Tate Access Floors also use PCMs in flooring, but with a couple of twists. Firstly their EcoCore panels (pictured above) are used for raised access floors, that allow for an office’s services, like cabling and air conditioning, to be hidden underneath. Secondly, they advocate a perimeter placement of the panels on sunward side of building. As heat enters the office, the phase change materials mixed with structural cement and contained within steel welded shells absorb this increased temperature. Tests performed by Tate suggest their system can reduce air conditioning demand by 17.7 per cent, when contrasted with a typical concrete slab floor.
Floors and walls aren’t the only building products utilising phase change materials. One of the more intriguing adoptions of PCMs is GlassX’s Crystal product (pictured below), which the Swiss firm believe “makes it possible to replace solid walls with glass elements.” Crystal is essentially a quadrupled glazed window. Positioned between two of the panes is a translucent salt-hydrate PCM. The 79mm thick glazing unit is credited with absorbing “about the same amount of energy as a 400 mm thickness of concrete.” But here is the extra kicker: with the PCM in its crystalline state, the panel transmits between up to 28 per cent of visible light, and up to 45 per cent in its liquid phase. Thus, a thermal mass external wall that allows the passage of diffused sunlight.

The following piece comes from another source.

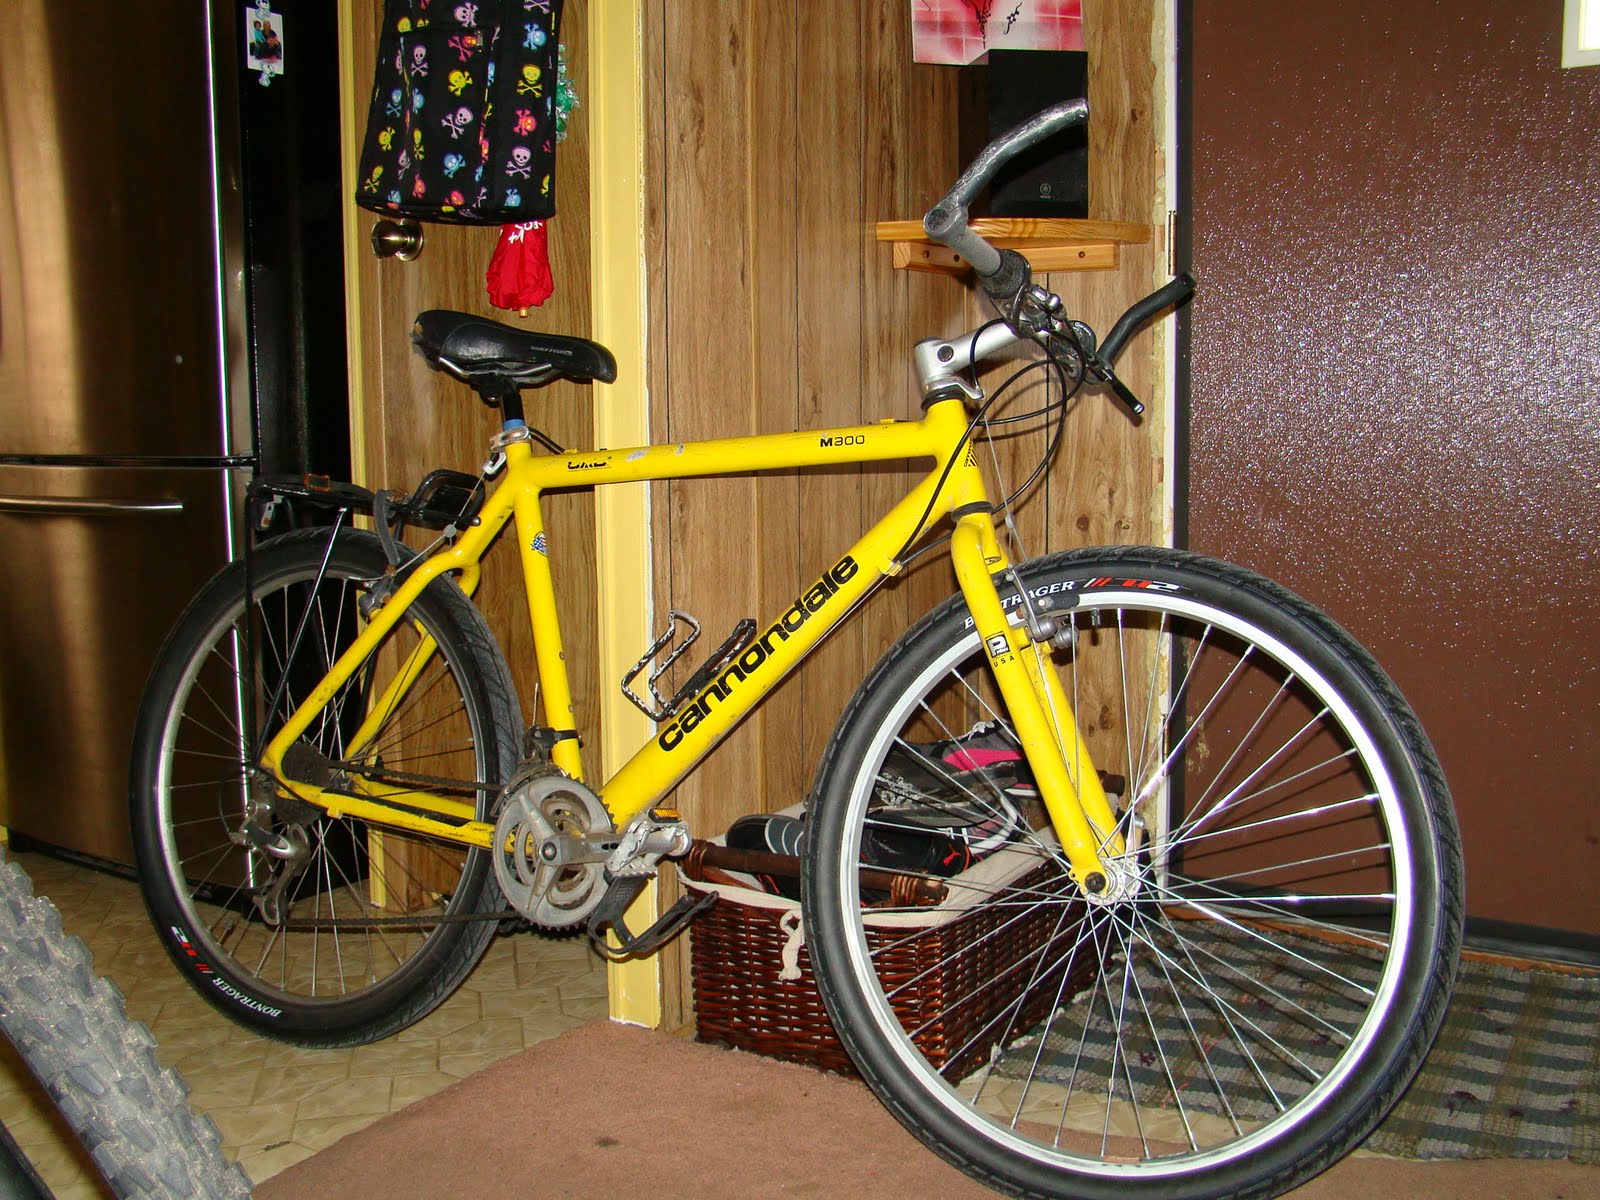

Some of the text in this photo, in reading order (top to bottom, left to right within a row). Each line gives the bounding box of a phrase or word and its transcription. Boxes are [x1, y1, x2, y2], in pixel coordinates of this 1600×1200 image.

[820, 435, 865, 447] M300
[964, 580, 1075, 630] BTRAGER
[659, 555, 859, 752] cannondale
[212, 977, 282, 1018] BONTRAGER

Phase change IGUs can be employed more incongruously across a glazed building than other materials. Image: GlassX.
We’ll conclude with yet another variation. Perth-based Phase Change Products have their High Efficiency Thermal Air Conditioning (HETAC) system regulated by phase change materials in a storage tank connected to an air conditioner. (click to enlarge image)
Warm building air is transferred to the tank, where the biodegradable, non-toxic PCMs suck up the heat. In the evening the AC systems cools down the PCM storage tank preparing it for the next day’s heat exchange. It results in a 50 per cent energy saving, compared with conventional air conditioning.
As we readily say, the above is but a taster, in this case, of the many innovative applications that Phase Change Materials can configured for. Science fiction made architectural reality.